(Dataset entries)

····················

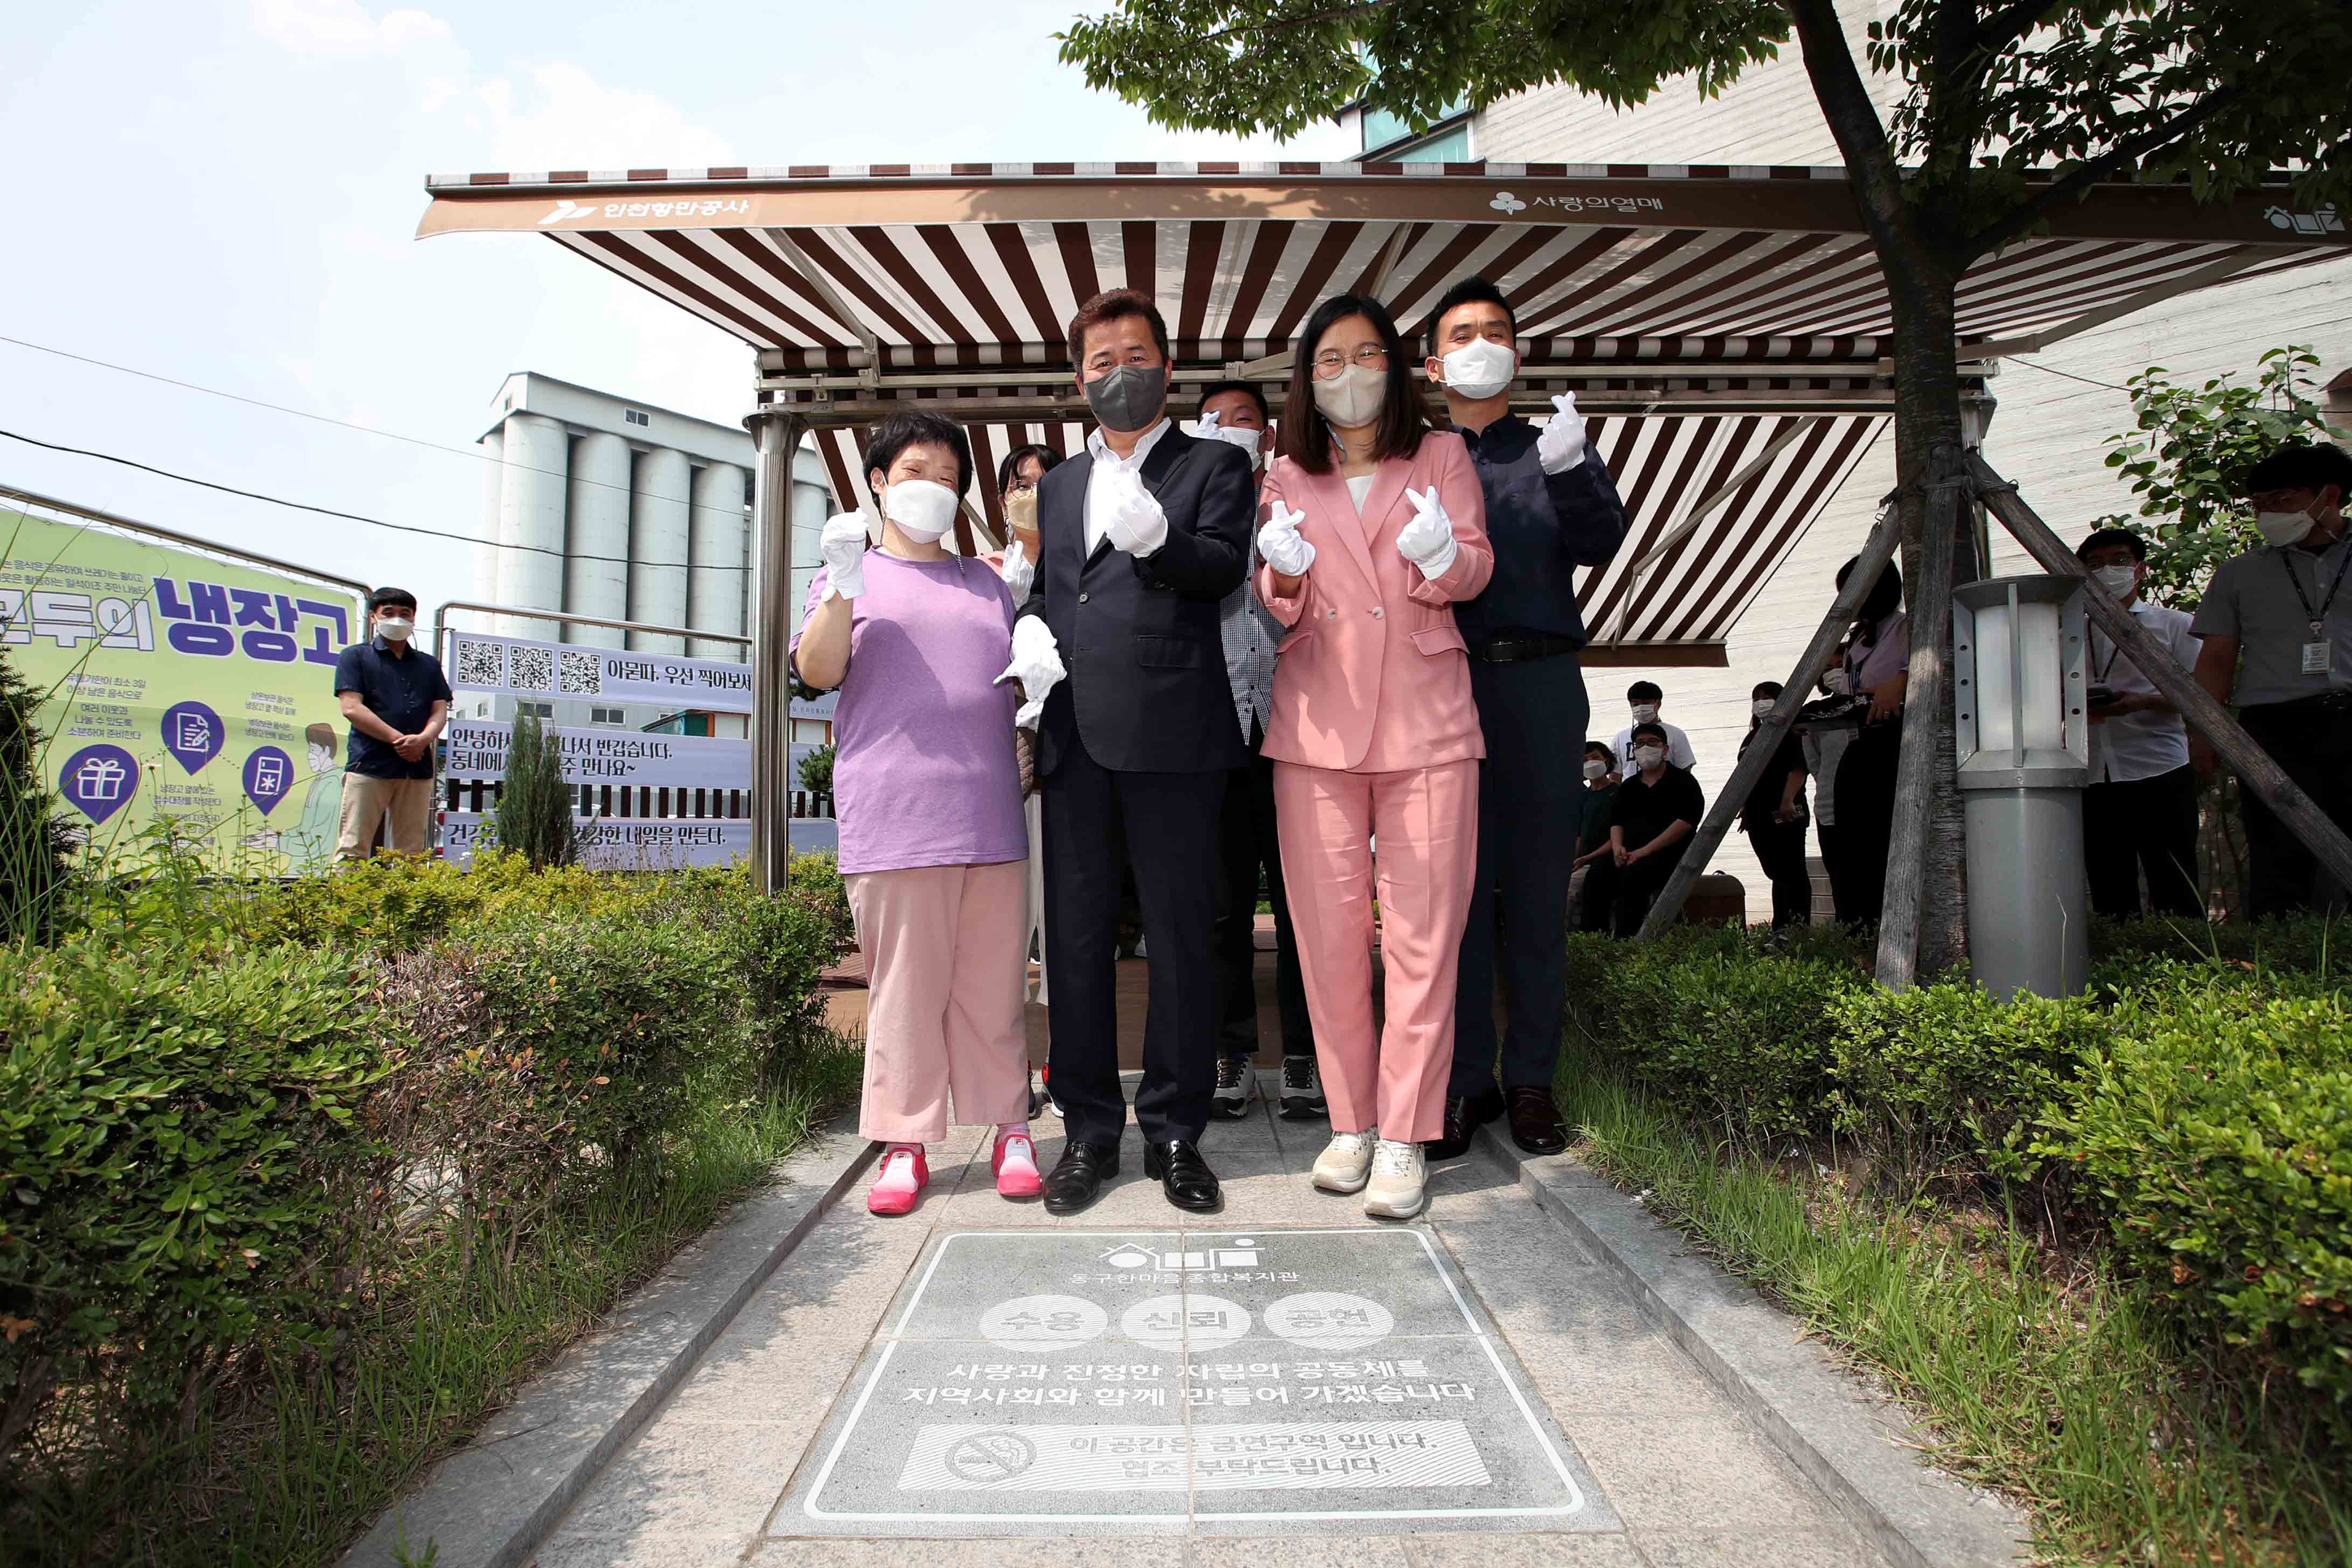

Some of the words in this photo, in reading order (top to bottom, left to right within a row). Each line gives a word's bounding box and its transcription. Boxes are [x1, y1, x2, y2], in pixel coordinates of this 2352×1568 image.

[604, 199, 750, 218] 인천항만공사
[1532, 195, 1663, 213] 사랑의열매
[15, 559, 44, 571] 음식은
[0, 573, 22, 584] 웃은
[153, 578, 348, 667] 냉장고
[114, 677, 130, 687] 최소
[132, 680, 146, 688] 3일
[608, 660, 660, 682] 아묻따.
[664, 666, 694, 686] 우선
[108, 689, 142, 699] 음식으로
[81, 703, 100, 713] 여러
[102, 705, 128, 715] 이웃과
[96, 717, 104, 725] 수
[106, 717, 133, 727] 있도록
[68, 727, 104, 737] 소분하여
[107, 729, 142, 740] 준비한다
[562, 737, 591, 755] 나서
[597, 739, 673, 759] 반갑습니다.
[451, 750, 508, 772] 동네에
[582, 758, 636, 776] 만나요~
[627, 826, 673, 845] 내일을
[679, 827, 726, 845] 만든다.
[1071, 1271, 1300, 1284] 동구한마음종합복지관
[1000, 1312, 1085, 1331] 수용
[1142, 1311, 1228, 1331] 신뢰
[947, 1364, 1050, 1381] 사랑과
[1063, 1364, 1164, 1382] 진정한
[1176, 1362, 1280, 1381] 자립의
[1292, 1360, 1430, 1379] 공동체를
[904, 1387, 1084, 1406] 지역사회와
[1095, 1387, 1165, 1406] 함께
[1181, 1385, 1290, 1406] 만들어
[1301, 1383, 1476, 1404] 가겠습니다
[1070, 1437, 1097, 1453] 이
[1109, 1437, 1199, 1453] 공간은
[1211, 1433, 1329, 1452] 금연구역
[1337, 1432, 1438, 1451] 입니다.
[1121, 1460, 1180, 1478] 협조
[1197, 1456, 1392, 1475] 부탁드립니다.

····················

* YOUR GOAL *
With the images removed, give back every entry exactly as shown.

* RESPONSE TO THIS TASK *
Some of the words in this photo, in reading order (top to bottom, left to right within a row). Each line gives a word's bounding box and its transcription. Boxes are [x1, y1, x2, y2], in pixel coordinates of this 2352×1568 image.

[604, 199, 750, 218] 인천항만공사
[1532, 195, 1663, 213] 사랑의열매
[15, 559, 44, 571] 음식은
[0, 573, 22, 584] 웃은
[153, 578, 348, 667] 냉장고
[114, 677, 130, 687] 최소
[132, 680, 146, 688] 3일
[608, 660, 660, 682] 아묻따.
[664, 666, 694, 686] 우선
[108, 689, 142, 699] 음식으로
[81, 703, 100, 713] 여러
[102, 705, 128, 715] 이웃과
[96, 717, 104, 725] 수
[106, 717, 133, 727] 있도록
[68, 727, 104, 737] 소분하여
[107, 729, 142, 740] 준비한다
[562, 737, 591, 755] 나서
[597, 739, 673, 759] 반갑습니다.
[451, 750, 508, 772] 동네에
[582, 758, 636, 776] 만나요~
[627, 826, 673, 845] 내일을
[679, 827, 726, 845] 만든다.
[1071, 1271, 1300, 1284] 동구한마음종합복지관
[1000, 1312, 1085, 1331] 수용
[1142, 1311, 1228, 1331] 신뢰
[947, 1364, 1050, 1381] 사랑과
[1063, 1364, 1164, 1382] 진정한
[1176, 1362, 1280, 1381] 자립의
[1292, 1360, 1430, 1379] 공동체를
[904, 1387, 1084, 1406] 지역사회와
[1095, 1387, 1165, 1406] 함께
[1181, 1385, 1290, 1406] 만들어
[1301, 1383, 1476, 1404] 가겠습니다
[1070, 1437, 1097, 1453] 이
[1109, 1437, 1199, 1453] 공간은
[1211, 1433, 1329, 1452] 금연구역
[1337, 1432, 1438, 1451] 입니다.
[1121, 1460, 1180, 1478] 협조
[1197, 1456, 1392, 1475] 부탁드립니다.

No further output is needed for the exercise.